• [WORK REQUEST] Starting at the first line, copy the data below through to the end, exactly.
*** ENTRIES SUPPLIED
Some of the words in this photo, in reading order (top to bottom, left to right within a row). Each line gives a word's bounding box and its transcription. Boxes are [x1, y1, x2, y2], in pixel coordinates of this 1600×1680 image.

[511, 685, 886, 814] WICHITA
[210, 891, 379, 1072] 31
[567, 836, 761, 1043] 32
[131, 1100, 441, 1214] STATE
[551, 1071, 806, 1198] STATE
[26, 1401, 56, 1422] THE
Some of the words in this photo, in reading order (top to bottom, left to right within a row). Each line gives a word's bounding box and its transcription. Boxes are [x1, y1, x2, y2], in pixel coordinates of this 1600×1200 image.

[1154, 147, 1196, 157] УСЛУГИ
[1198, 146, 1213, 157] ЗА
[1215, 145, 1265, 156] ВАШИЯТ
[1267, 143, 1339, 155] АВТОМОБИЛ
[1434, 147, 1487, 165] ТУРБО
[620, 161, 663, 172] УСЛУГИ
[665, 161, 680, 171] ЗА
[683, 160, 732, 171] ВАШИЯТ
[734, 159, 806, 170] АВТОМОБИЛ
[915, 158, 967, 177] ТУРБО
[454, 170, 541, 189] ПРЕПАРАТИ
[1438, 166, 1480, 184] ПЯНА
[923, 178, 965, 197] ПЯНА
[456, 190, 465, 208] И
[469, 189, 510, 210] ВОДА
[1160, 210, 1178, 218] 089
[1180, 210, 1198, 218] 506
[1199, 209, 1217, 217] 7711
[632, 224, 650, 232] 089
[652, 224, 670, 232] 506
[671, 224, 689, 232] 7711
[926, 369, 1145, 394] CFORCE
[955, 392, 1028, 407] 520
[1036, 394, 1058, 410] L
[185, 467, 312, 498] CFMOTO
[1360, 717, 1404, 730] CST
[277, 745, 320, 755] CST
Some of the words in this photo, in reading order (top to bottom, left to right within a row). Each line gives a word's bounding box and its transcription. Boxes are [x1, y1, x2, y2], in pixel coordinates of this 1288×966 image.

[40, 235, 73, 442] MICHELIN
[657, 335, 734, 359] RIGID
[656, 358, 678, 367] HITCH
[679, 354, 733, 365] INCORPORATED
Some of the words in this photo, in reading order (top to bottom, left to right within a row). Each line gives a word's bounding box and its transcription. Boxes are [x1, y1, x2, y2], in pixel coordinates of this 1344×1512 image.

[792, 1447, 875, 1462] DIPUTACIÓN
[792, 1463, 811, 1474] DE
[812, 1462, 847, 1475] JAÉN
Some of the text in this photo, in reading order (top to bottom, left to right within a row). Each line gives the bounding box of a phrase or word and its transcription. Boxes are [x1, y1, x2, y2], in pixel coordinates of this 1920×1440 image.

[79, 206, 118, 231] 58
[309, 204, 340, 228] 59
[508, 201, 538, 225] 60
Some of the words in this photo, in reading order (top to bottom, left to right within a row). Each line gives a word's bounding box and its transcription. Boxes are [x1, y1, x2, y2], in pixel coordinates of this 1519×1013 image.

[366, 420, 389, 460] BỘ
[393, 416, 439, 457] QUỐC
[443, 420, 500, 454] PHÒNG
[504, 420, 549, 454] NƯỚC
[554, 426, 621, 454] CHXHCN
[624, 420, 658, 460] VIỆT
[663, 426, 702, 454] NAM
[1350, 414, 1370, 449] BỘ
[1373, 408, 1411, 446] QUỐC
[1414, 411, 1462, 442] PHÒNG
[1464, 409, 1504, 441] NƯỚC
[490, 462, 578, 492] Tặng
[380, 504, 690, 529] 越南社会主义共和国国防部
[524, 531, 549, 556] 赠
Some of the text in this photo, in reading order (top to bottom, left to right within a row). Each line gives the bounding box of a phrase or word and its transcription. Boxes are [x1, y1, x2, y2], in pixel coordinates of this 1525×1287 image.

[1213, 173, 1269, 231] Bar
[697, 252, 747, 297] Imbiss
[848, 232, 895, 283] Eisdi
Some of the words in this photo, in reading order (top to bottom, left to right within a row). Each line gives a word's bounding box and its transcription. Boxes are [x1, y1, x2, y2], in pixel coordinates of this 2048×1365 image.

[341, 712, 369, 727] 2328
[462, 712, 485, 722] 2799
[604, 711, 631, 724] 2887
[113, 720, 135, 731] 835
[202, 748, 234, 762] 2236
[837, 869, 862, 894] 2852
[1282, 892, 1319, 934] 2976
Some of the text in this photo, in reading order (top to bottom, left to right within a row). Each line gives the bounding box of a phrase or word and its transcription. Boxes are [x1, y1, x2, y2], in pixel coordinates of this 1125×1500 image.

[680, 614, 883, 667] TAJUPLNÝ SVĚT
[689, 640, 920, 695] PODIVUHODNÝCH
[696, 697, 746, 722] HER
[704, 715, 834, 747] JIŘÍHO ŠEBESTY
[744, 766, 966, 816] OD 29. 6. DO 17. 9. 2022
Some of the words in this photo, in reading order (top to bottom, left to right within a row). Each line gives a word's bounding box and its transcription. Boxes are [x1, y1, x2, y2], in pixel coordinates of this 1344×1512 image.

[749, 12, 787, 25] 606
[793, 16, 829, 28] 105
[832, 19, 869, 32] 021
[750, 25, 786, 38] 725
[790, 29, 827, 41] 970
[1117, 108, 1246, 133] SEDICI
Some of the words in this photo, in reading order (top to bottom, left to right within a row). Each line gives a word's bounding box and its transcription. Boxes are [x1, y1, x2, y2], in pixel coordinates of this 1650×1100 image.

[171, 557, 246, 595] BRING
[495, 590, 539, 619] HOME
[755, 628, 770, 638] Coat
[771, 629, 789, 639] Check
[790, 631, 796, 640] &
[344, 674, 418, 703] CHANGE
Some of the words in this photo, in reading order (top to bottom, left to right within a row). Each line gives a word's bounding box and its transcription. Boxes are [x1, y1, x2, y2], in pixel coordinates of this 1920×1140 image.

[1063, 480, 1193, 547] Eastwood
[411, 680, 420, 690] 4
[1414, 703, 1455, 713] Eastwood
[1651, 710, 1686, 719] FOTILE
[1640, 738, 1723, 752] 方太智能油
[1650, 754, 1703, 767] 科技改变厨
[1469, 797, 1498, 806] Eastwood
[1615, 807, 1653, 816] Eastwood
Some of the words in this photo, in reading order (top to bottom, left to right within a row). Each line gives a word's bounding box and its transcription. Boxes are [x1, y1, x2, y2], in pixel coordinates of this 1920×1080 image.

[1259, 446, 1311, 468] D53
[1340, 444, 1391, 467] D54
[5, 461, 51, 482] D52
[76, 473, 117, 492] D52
******
• [ANSWER SECTION]
Some of the words in this photo, in reading order (top to bottom, left to right within a row). Each line gives a word's bounding box and its transcription. Boxes are [x1, y1, x2, y2], in pixel coordinates of this 1600×1680 image.

[511, 685, 886, 814] WICHITA
[210, 891, 379, 1072] 31
[567, 836, 761, 1043] 32
[131, 1100, 441, 1214] STATE
[551, 1071, 806, 1198] STATE
[26, 1401, 56, 1422] THE
Some of the words in this photo, in reading order (top to bottom, left to right within a row). Each line gives a word's bounding box and its transcription. Boxes are [x1, y1, x2, y2], in pixel coordinates of this 1600×1200 image.

[1154, 147, 1196, 157] УСЛУГИ
[1198, 146, 1213, 157] ЗА
[1215, 145, 1265, 156] ВАШИЯТ
[1267, 143, 1339, 155] АВТОМОБИЛ
[1434, 147, 1487, 165] ТУРБО
[620, 161, 663, 172] УСЛУГИ
[665, 161, 680, 171] ЗА
[683, 160, 732, 171] ВАШИЯТ
[734, 159, 806, 170] АВТОМОБИЛ
[915, 158, 967, 177] ТУРБО
[454, 170, 541, 189] ПРЕПАРАТИ
[1438, 166, 1480, 184] ПЯНА
[923, 178, 965, 197] ПЯНА
[456, 190, 465, 208] И
[469, 189, 510, 210] ВОДА
[1160, 210, 1178, 218] 089
[1180, 210, 1198, 218] 506
[1199, 209, 1217, 217] 7711
[632, 224, 650, 232] 089
[652, 224, 670, 232] 506
[671, 224, 689, 232] 7711
[926, 369, 1145, 394] CFORCE
[955, 392, 1028, 407] 520
[1036, 394, 1058, 410] L
[185, 467, 312, 498] CFMOTO
[1360, 717, 1404, 730] CST
[277, 745, 320, 755] CST
Some of the words in this photo, in reading order (top to bottom, left to right within a row). Each line gives a word's bounding box and its transcription. Boxes are [x1, y1, x2, y2], in pixel coordinates of this 1288×966 image.

[40, 235, 73, 442] MICHELIN
[657, 335, 734, 359] RIGID
[656, 358, 678, 367] HITCH
[679, 354, 733, 365] INCORPORATED
Some of the words in this photo, in reading order (top to bottom, left to right within a row). Each line gives a word's bounding box and its transcription. Boxes are [x1, y1, x2, y2], in pixel coordinates of this 1344×1512 image.

[792, 1447, 875, 1462] DIPUTACIÓN
[792, 1463, 811, 1474] DE
[812, 1462, 847, 1475] JAÉN
Some of the text in this photo, in reading order (top to bottom, left to right within a row). Each line gives the bounding box of a phrase or word and its transcription. Boxes are [x1, y1, x2, y2], in pixel coordinates of this 1920×1440 image.

[79, 206, 118, 231] 58
[309, 204, 340, 228] 59
[508, 201, 538, 225] 60
Some of the words in this photo, in reading order (top to bottom, left to right within a row). Each line gives a word's bounding box and its transcription. Boxes are [x1, y1, x2, y2], in pixel coordinates of this 1519×1013 image.

[366, 420, 389, 460] BỘ
[393, 416, 439, 457] QUỐC
[443, 420, 500, 454] PHÒNG
[504, 420, 549, 454] NƯỚC
[554, 426, 621, 454] CHXHCN
[624, 420, 658, 460] VIỆT
[663, 426, 702, 454] NAM
[1350, 414, 1370, 449] BỘ
[1373, 408, 1411, 446] QUỐC
[1414, 411, 1462, 442] PHÒNG
[1464, 409, 1504, 441] NƯỚC
[490, 462, 578, 492] Tặng
[380, 504, 690, 529] 越南社会主义共和国国防部
[524, 531, 549, 556] 赠
Some of the text in this photo, in reading order (top to bottom, left to right within a row). Each line gives the bounding box of a phrase or word and its transcription. Boxes are [x1, y1, x2, y2], in pixel coordinates of this 1525×1287 image.

[1213, 173, 1269, 231] Bar
[697, 252, 747, 297] Imbiss
[848, 232, 895, 283] Eisdi
Some of the words in this photo, in reading order (top to bottom, left to right within a row). Each line gives a word's bounding box and its transcription. Boxes are [x1, y1, x2, y2], in pixel coordinates of this 2048×1365 image.

[341, 712, 369, 727] 2328
[462, 712, 485, 722] 2799
[604, 711, 631, 724] 2887
[113, 720, 135, 731] 835
[202, 748, 234, 762] 2236
[837, 869, 862, 894] 2852
[1282, 892, 1319, 934] 2976
Some of the text in this photo, in reading order (top to bottom, left to right within a row). Each line gives the bounding box of a phrase or word and its transcription. Boxes are [x1, y1, x2, y2], in pixel coordinates of this 1125×1500 image.

[680, 614, 883, 667] TAJUPLNÝ SVĚT
[689, 640, 920, 695] PODIVUHODNÝCH
[696, 697, 746, 722] HER
[704, 715, 834, 747] JIŘÍHO ŠEBESTY
[744, 766, 966, 816] OD 29. 6. DO 17. 9. 2022
Some of the words in this photo, in reading order (top to bottom, left to right within a row). Each line gives a word's bounding box and its transcription. Boxes are [x1, y1, x2, y2], in pixel coordinates of this 1344×1512 image.

[749, 12, 787, 25] 606
[793, 16, 829, 28] 105
[832, 19, 869, 32] 021
[750, 25, 786, 38] 725
[790, 29, 827, 41] 970
[1117, 108, 1246, 133] SEDICI
Some of the words in this photo, in reading order (top to bottom, left to right within a row). Each line gives a word's bounding box and its transcription. Boxes are [x1, y1, x2, y2], in pixel coordinates of this 1650×1100 image.

[171, 557, 246, 595] BRING
[495, 590, 539, 619] HOME
[755, 628, 770, 638] Coat
[771, 629, 789, 639] Check
[790, 631, 796, 640] &
[344, 674, 418, 703] CHANGE
Some of the words in this photo, in reading order (top to bottom, left to right within a row). Each line gives a word's bounding box and its transcription. Boxes are [x1, y1, x2, y2], in pixel coordinates of this 1920×1140 image.

[1063, 480, 1193, 547] Eastwood
[411, 680, 420, 690] 4
[1414, 703, 1455, 713] Eastwood
[1651, 710, 1686, 719] FOTILE
[1640, 738, 1723, 752] 方太智能油
[1650, 754, 1703, 767] 科技改变厨
[1469, 797, 1498, 806] Eastwood
[1615, 807, 1653, 816] Eastwood
Some of the words in this photo, in reading order (top to bottom, left to right within a row). Each line gives a word's bounding box and its transcription. Boxes are [x1, y1, x2, y2], in pixel coordinates of this 1920×1080 image.

[1259, 446, 1311, 468] D53
[1340, 444, 1391, 467] D54
[5, 461, 51, 482] D52
[76, 473, 117, 492] D52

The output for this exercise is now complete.